「あの味を忘れることはないでしょう」――珠洲で被災した方の体験談(2)
投稿日時:
2024/06/10
著者:
インタビューと編集:ナントワ
3.1週間の高台避難所生活
スマホと電気
1月2日の夜にスマホの電波が止まり始めたのを覚えてます。そのタイミングの少し前あたりに、NTTの関連会社に勤めて珠洲を離れているはずの友人が現れました。よう来たな、と思います。スマホの電波がもうじき止まると話してくれました。そもそも電気が全部止まっていて、基地局では停電時にバッテリーで駆動するようになっているので、そのバッテリーが切れたら止まると。移動基地局が来たのは1月4日か5日くらいでした。キャリアによって差がありましたけれど、それまでは非常に不安定で、完全に入らない状態も長くありました。水や電気と同じくらい情報が大事だと思いました。
電気は止まっていたのですが、その老人ホームの施設長が、私物の発電機とドラムリールを出してくれて、潤沢ではないけれどガソリンがあって、それを使って電気を起こしました。それでスマホの充電ができました。自分はその充電に関してとりまとめをしていました。
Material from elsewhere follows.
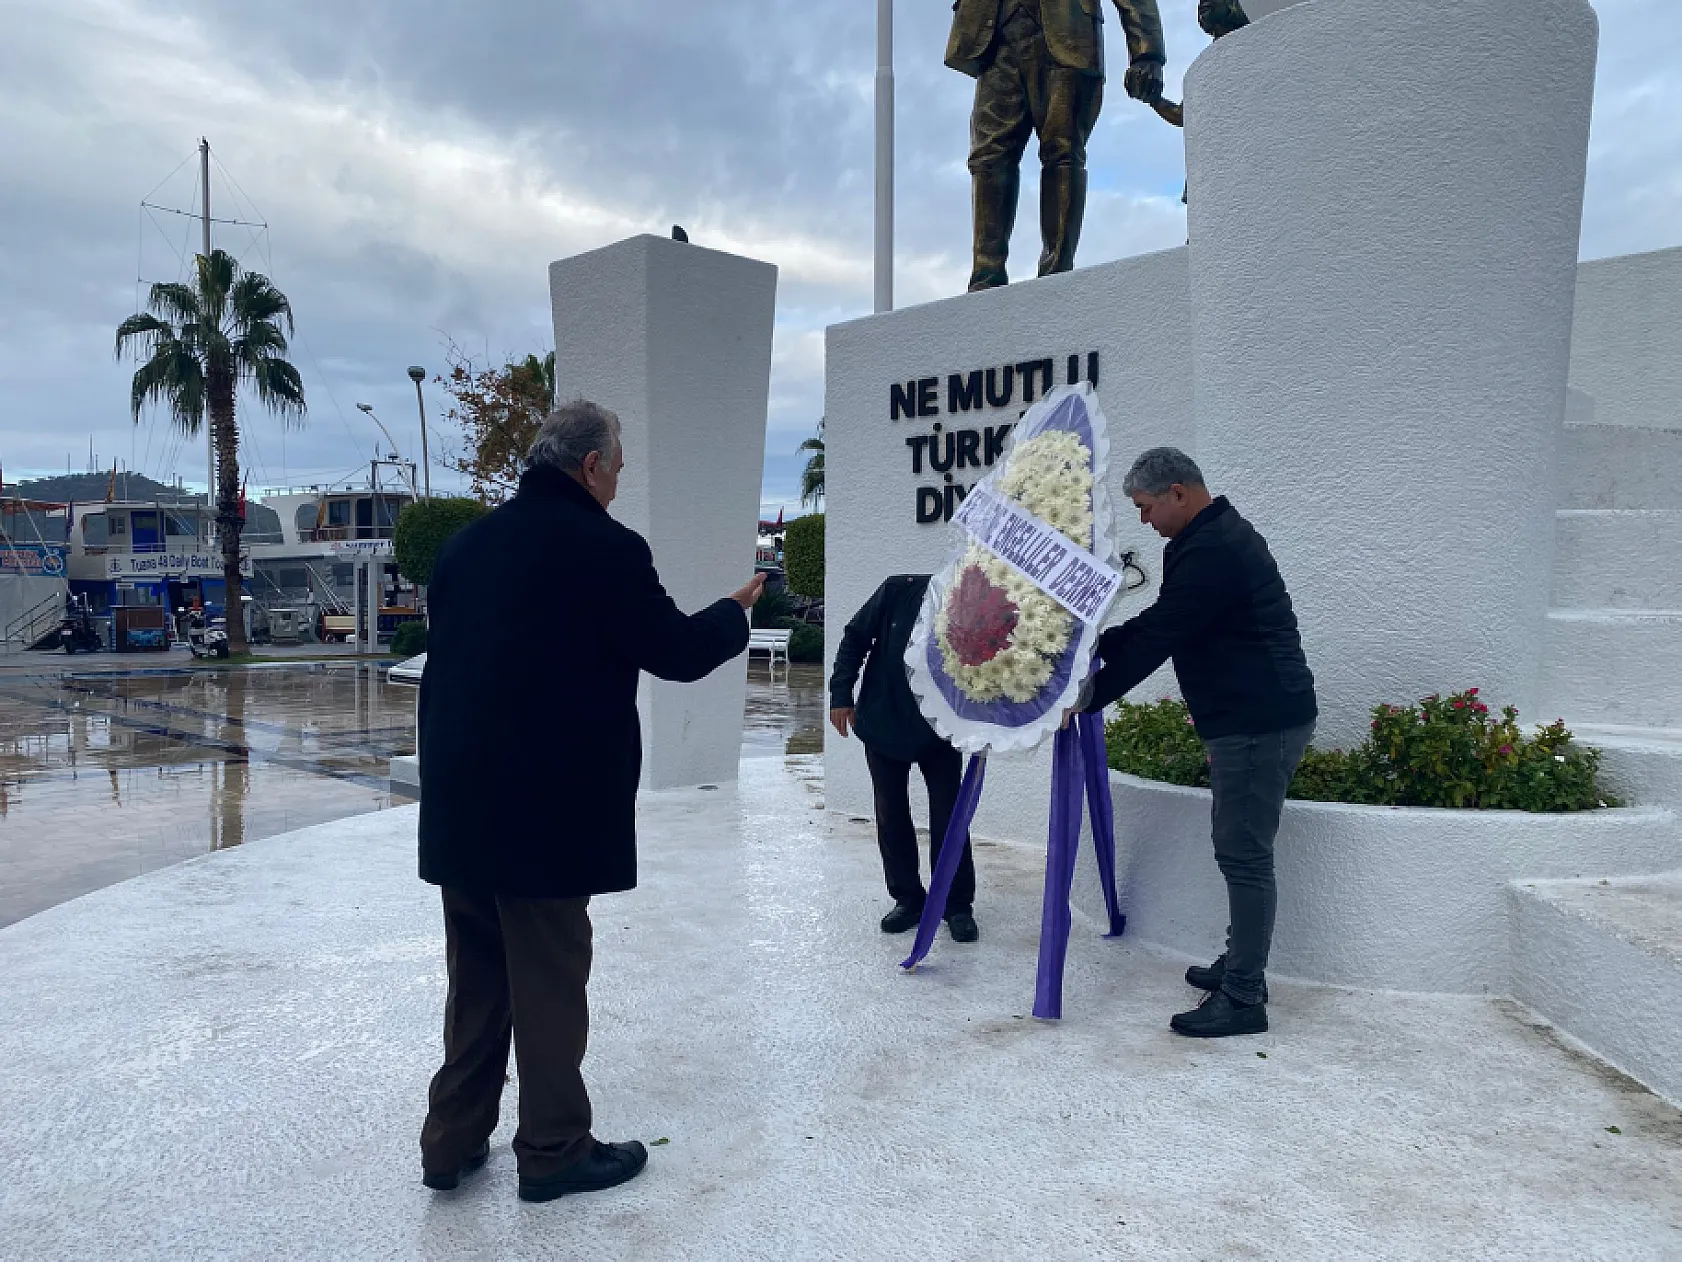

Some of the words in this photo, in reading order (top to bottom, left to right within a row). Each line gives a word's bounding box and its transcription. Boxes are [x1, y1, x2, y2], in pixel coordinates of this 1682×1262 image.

最初、ガソリンの発電機を使う前は、カセットボンベを使う発電機を回しました。あれはすぐ切れるんです。2時間くらいかな。何度も換えなければいけませんでした。
避難所となった老人ホームには、幸運なことに、備蓄の灯油がかなりあったようです。それで、暖をとるのには困らなかったです。ずっと灯油ストーブが焚かれていました。それが多少の明かりにもなっていました。発電機を回すようになってからは、盆踊りで使う提灯みたいなものを建物の中に延ばしてぶら下げて、照明にしました。
食料、水
地震後に初めて食べ物を口にしたのは、たしか2日の夜だったと思います。缶詰めになっているパンで、乾パンではなく、黒糖パンでした。あの味を忘れることはないでしょう。めちゃくちゃおいしかったです。その次に食べたのは、たしかアルファ米のわかめおにぎりでした。
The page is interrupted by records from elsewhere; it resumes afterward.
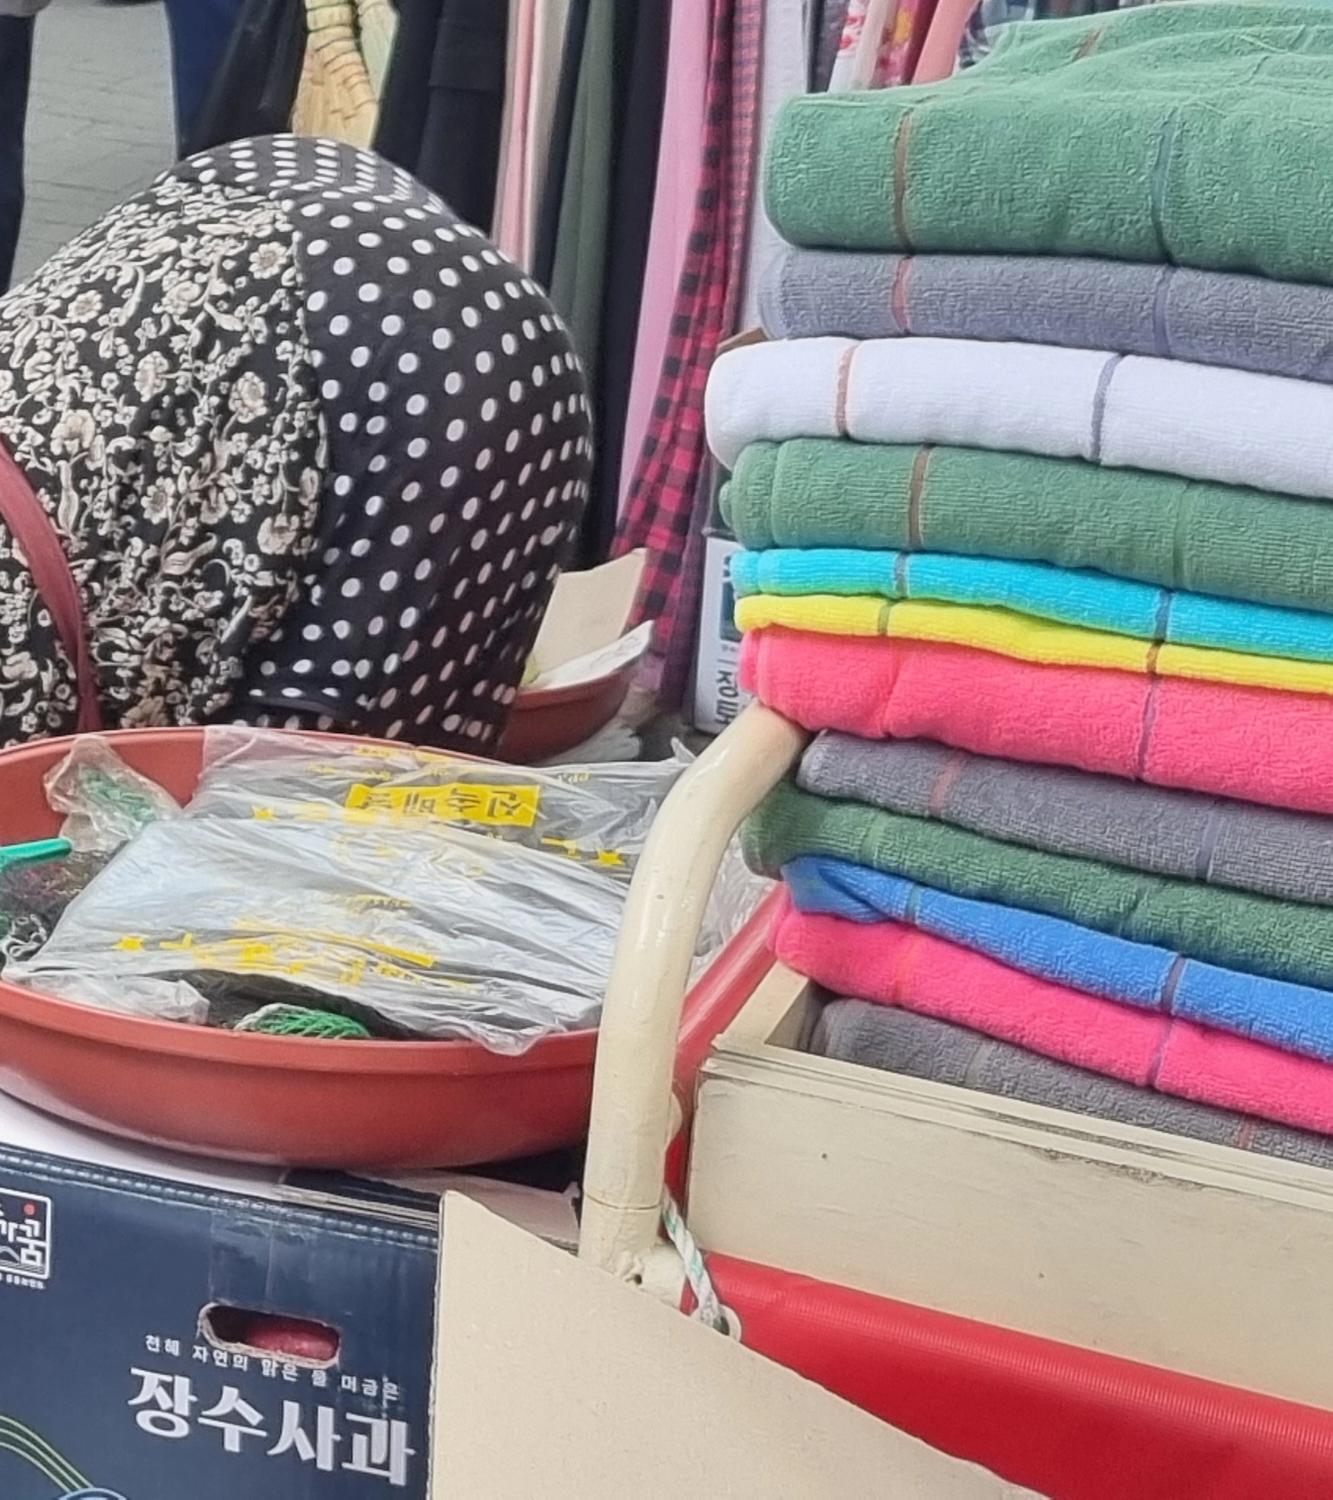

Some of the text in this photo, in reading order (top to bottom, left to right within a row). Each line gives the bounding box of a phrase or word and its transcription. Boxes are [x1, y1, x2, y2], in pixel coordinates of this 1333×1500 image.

[144, 1334, 181, 1357] 천혜
[191, 1344, 250, 1372] 자연의
[261, 1357, 300, 1382] 맑은
[340, 1374, 401, 1402] 머금은
[127, 1366, 416, 1487] 장수사과
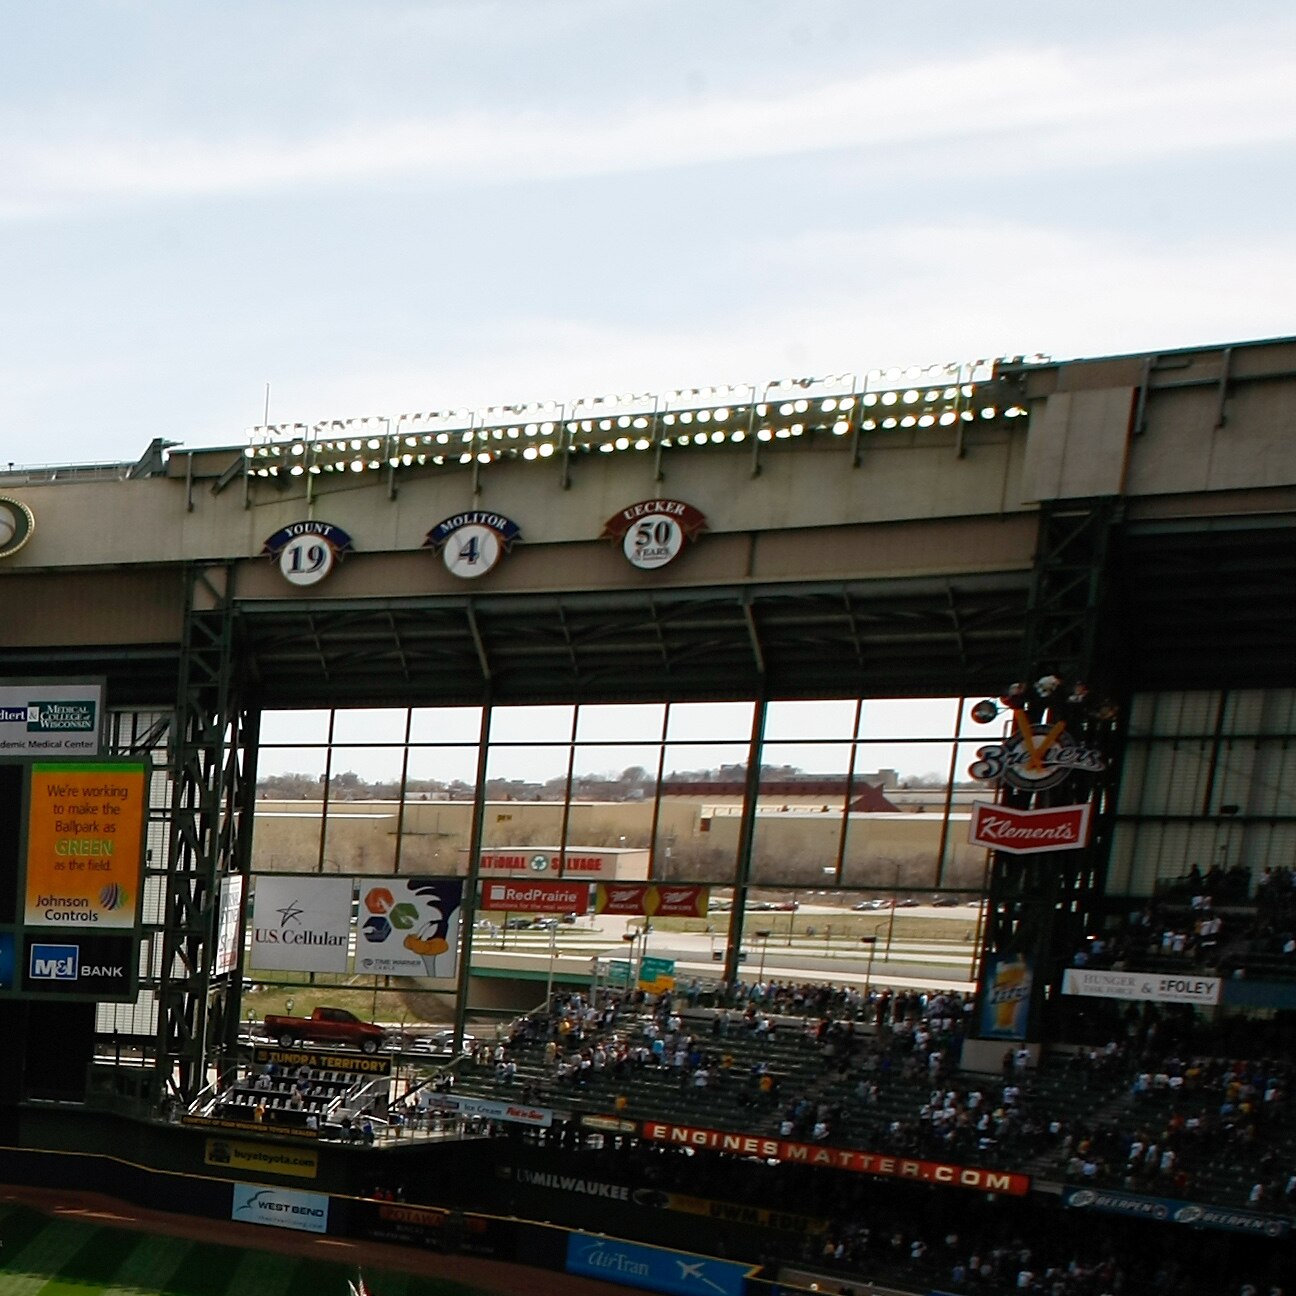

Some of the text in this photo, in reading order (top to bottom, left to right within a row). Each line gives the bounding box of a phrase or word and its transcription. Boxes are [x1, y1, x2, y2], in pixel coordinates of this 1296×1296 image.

[622, 501, 687, 521] UECKER
[284, 522, 333, 538] YOUNT
[440, 512, 508, 533] MOLITOR
[635, 520, 672, 547] 50
[458, 536, 479, 565] 4
[287, 545, 325, 574] 19
[40, 711, 80, 721] COLLEGE
[47, 704, 89, 713] MEDICAL
[40, 719, 93, 729] WISCONSIN
[28, 741, 62, 749] Medical
[64, 741, 94, 749] Center
[47, 785, 129, 801] We're working
[53, 803, 121, 816] to make the
[55, 820, 117, 834] Ballpark as
[979, 815, 1077, 842] Klement's
[55, 840, 113, 857] GREEN
[54, 862, 65, 871] as
[69, 859, 85, 871] the
[36, 895, 89, 909] Johnson
[506, 888, 577, 903] RedPrairie
[44, 909, 99, 922] Controls
[282, 929, 347, 946] Cellular
[80, 965, 124, 978] BANK
[1083, 973, 1215, 995] HUNGER & FOLEY
[269, 1050, 388, 1072] TUNDRA TERRITORY
[258, 1201, 324, 1218] WEST BEND
[587, 1248, 650, 1277] AirTran
設備関係の仕事をしていることもあり、おじと一緒に施設のプロパンガスのボンベを外して厨房に運んで火を焚ける状態にしました。
1月の3日に初動の自衛隊が珠洲までバイクで来たと聞きました。4日だったか、初めて陸路の物資がやって来ました。大量のパンを積んで来てくれました。3日夜だったか、一般のボランティアのチームが物資を持ってきてくれたのも覚えています。
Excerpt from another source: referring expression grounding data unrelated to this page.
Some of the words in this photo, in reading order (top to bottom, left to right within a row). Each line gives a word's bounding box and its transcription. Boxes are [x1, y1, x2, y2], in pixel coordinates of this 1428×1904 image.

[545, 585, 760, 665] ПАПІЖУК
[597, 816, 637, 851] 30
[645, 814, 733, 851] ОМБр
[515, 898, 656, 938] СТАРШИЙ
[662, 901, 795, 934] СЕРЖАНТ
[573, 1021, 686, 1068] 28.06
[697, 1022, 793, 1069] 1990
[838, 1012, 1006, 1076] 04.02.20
陸路の支援が来てからは、思っていたより食べ物に困らなかったように記憶しています。むしろ、みんな甘いパンに飽きてきた感じでした。小倉マーガリンみたいな甘いパンがたくさん来るので。それから、カップ麺とかレトルトカレーも食べ飽きてる人が多いんじゃないかな。私はカレーは嫌いじゃないのでよかったのですが。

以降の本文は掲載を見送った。